--- Material for this task ---
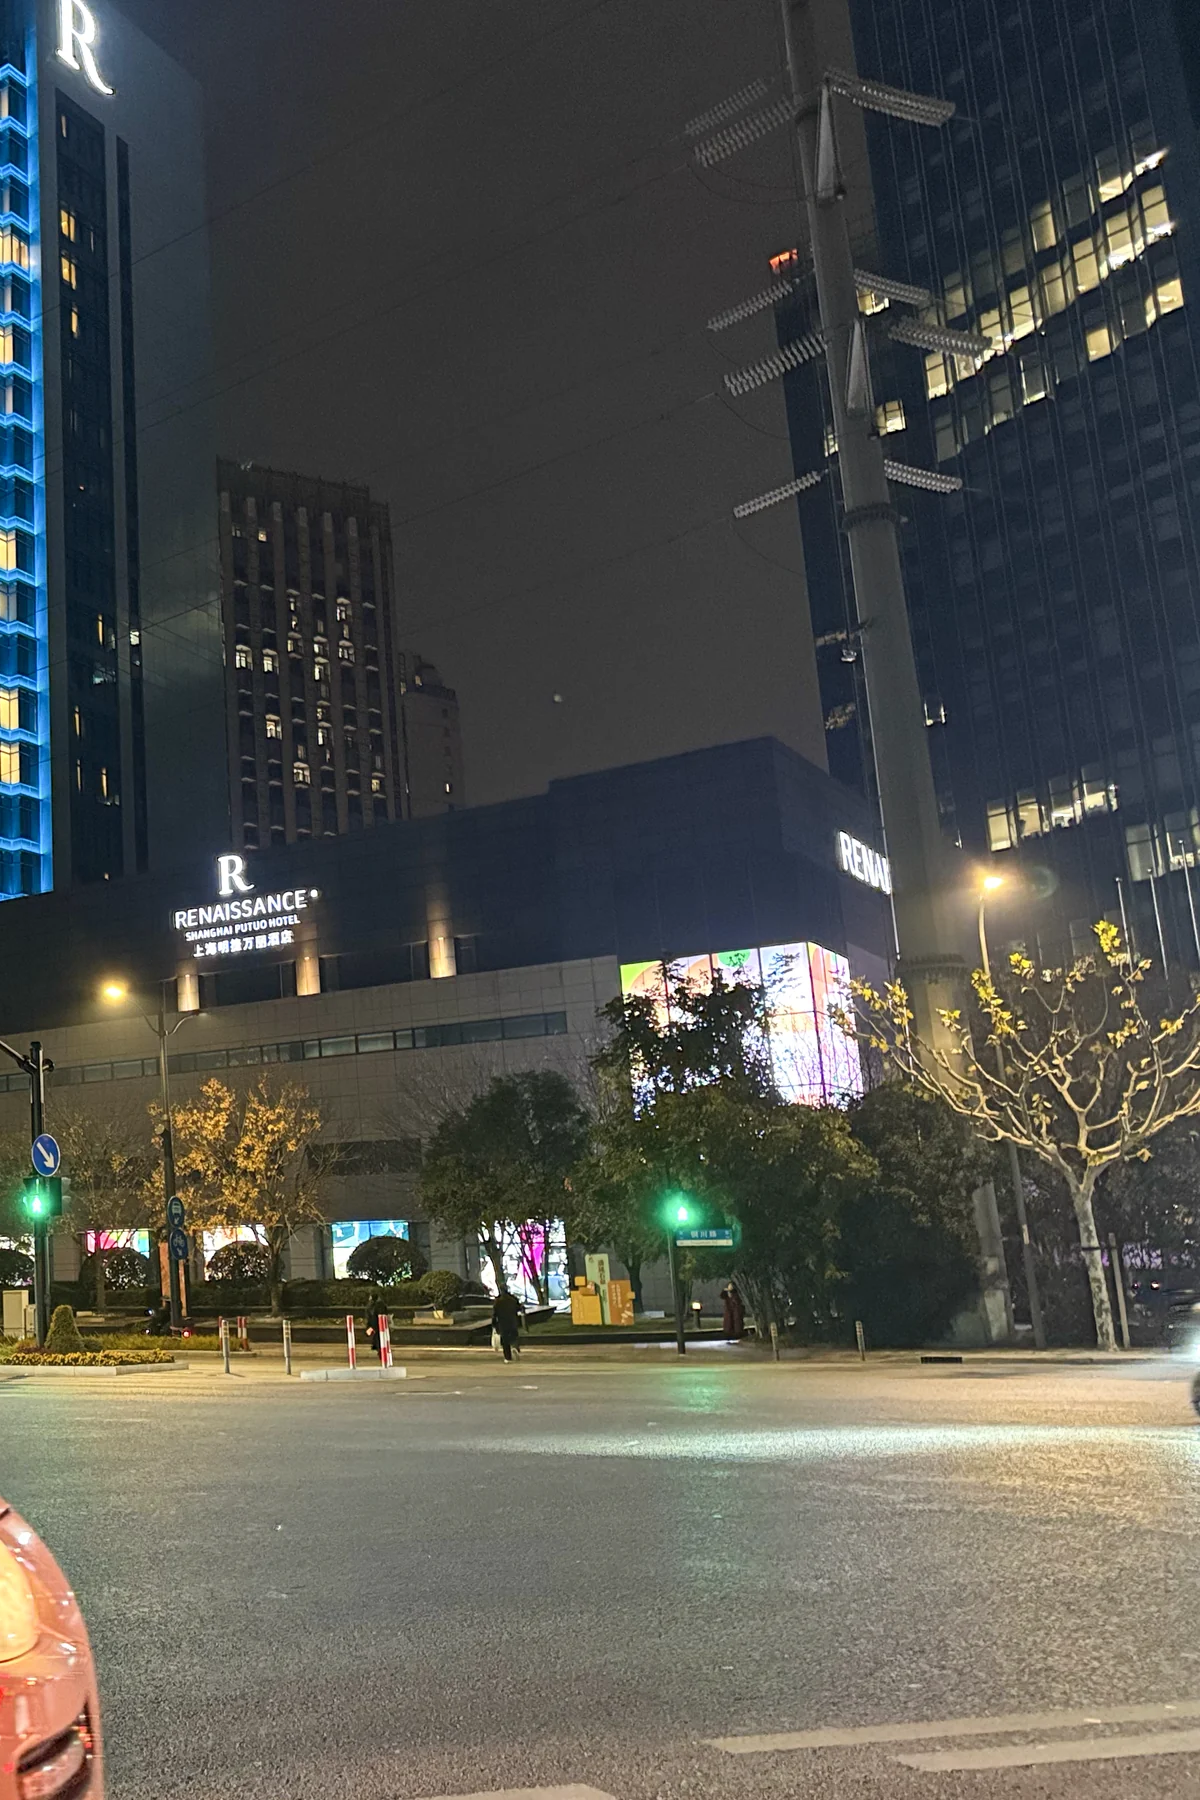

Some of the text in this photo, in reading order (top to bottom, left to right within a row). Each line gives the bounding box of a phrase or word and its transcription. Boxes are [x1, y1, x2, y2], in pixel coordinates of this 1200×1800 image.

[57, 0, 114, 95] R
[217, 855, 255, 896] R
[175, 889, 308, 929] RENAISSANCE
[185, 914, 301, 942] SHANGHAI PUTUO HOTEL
---
→ What needs to be done: Your reply should be the full data above, copied exactly, with no pictures in it.

→ Task output:
Some of the text in this photo, in reading order (top to bottom, left to right within a row). Each line gives the bounding box of a phrase or word and its transcription. Boxes are [x1, y1, x2, y2], in pixel coordinates of this 1200×1800 image.

[57, 0, 114, 95] R
[217, 855, 255, 896] R
[175, 889, 308, 929] RENAISSANCE
[185, 914, 301, 942] SHANGHAI PUTUO HOTEL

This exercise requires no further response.